_Problem description_
Return the full listing word for word, but drop every picture from it.
::::
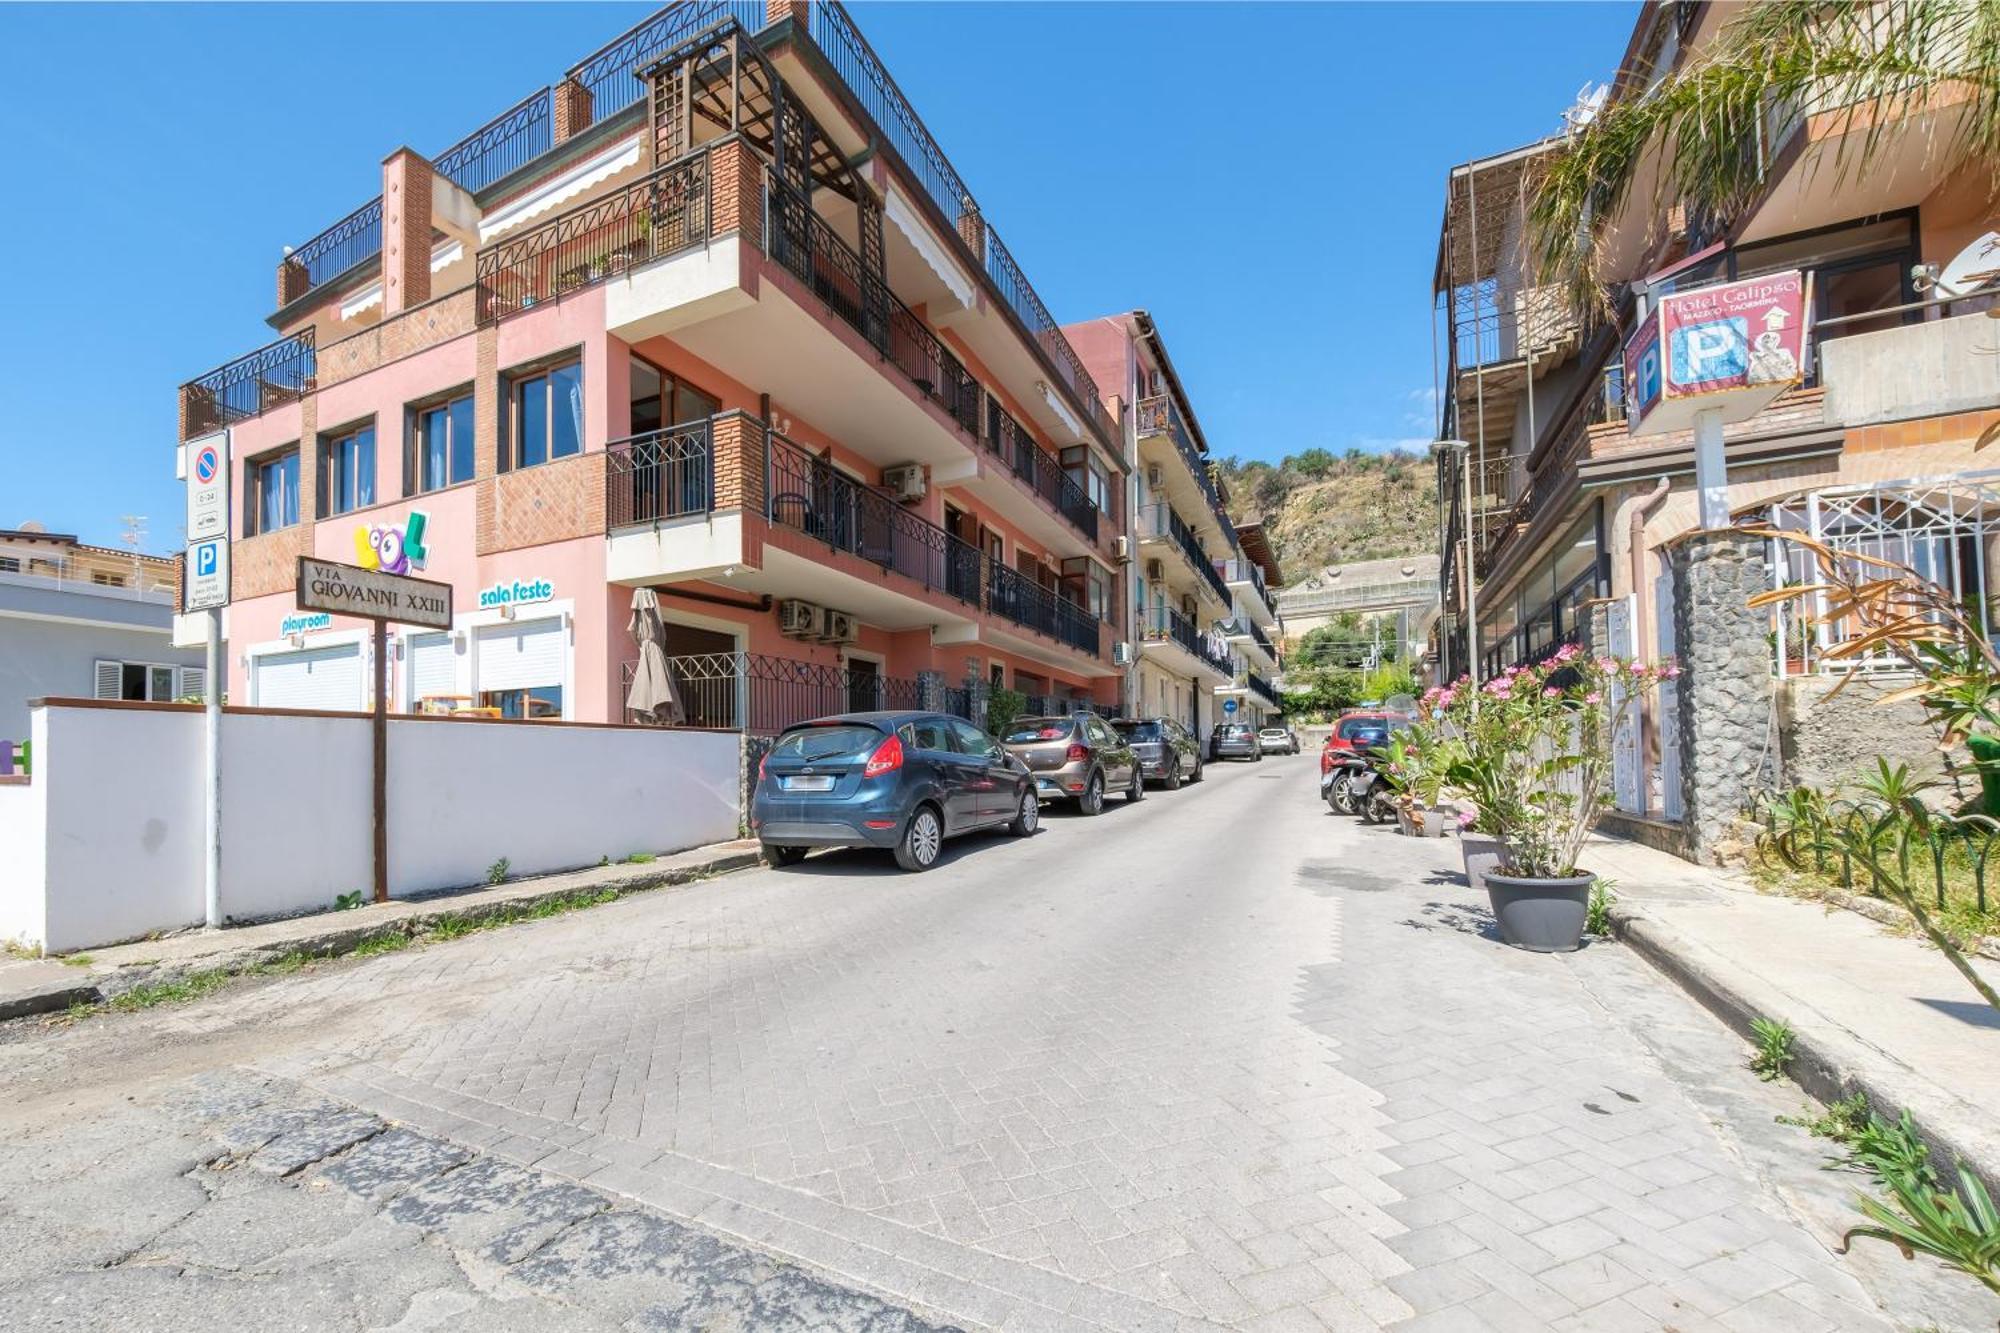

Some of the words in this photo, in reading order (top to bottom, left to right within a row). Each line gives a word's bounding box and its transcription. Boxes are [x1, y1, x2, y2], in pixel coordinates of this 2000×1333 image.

[1669, 294, 1716, 315] Hotel
[1722, 281, 1796, 304] Calipso
[1688, 326, 1732, 378] P
[201, 547, 214, 573] P
[315, 567, 341, 580] VIA
[311, 580, 398, 607] GIOVANNI
[407, 594, 445, 614] XXIII
[481, 585, 511, 606] sala
[513, 580, 551, 600] feste
[282, 613, 330, 637] playroom
::::
_Solved exercise_
Some of the words in this photo, in reading order (top to bottom, left to right within a row). Each line gives a word's bounding box and its transcription. Boxes are [x1, y1, x2, y2], in pixel coordinates of this 2000×1333 image.

[1669, 294, 1716, 315] Hotel
[1722, 281, 1796, 304] Calipso
[1688, 326, 1732, 378] P
[201, 547, 214, 573] P
[315, 567, 341, 580] VIA
[311, 580, 398, 607] GIOVANNI
[407, 594, 445, 614] XXIII
[481, 585, 511, 606] sala
[513, 580, 551, 600] feste
[282, 613, 330, 637] playroom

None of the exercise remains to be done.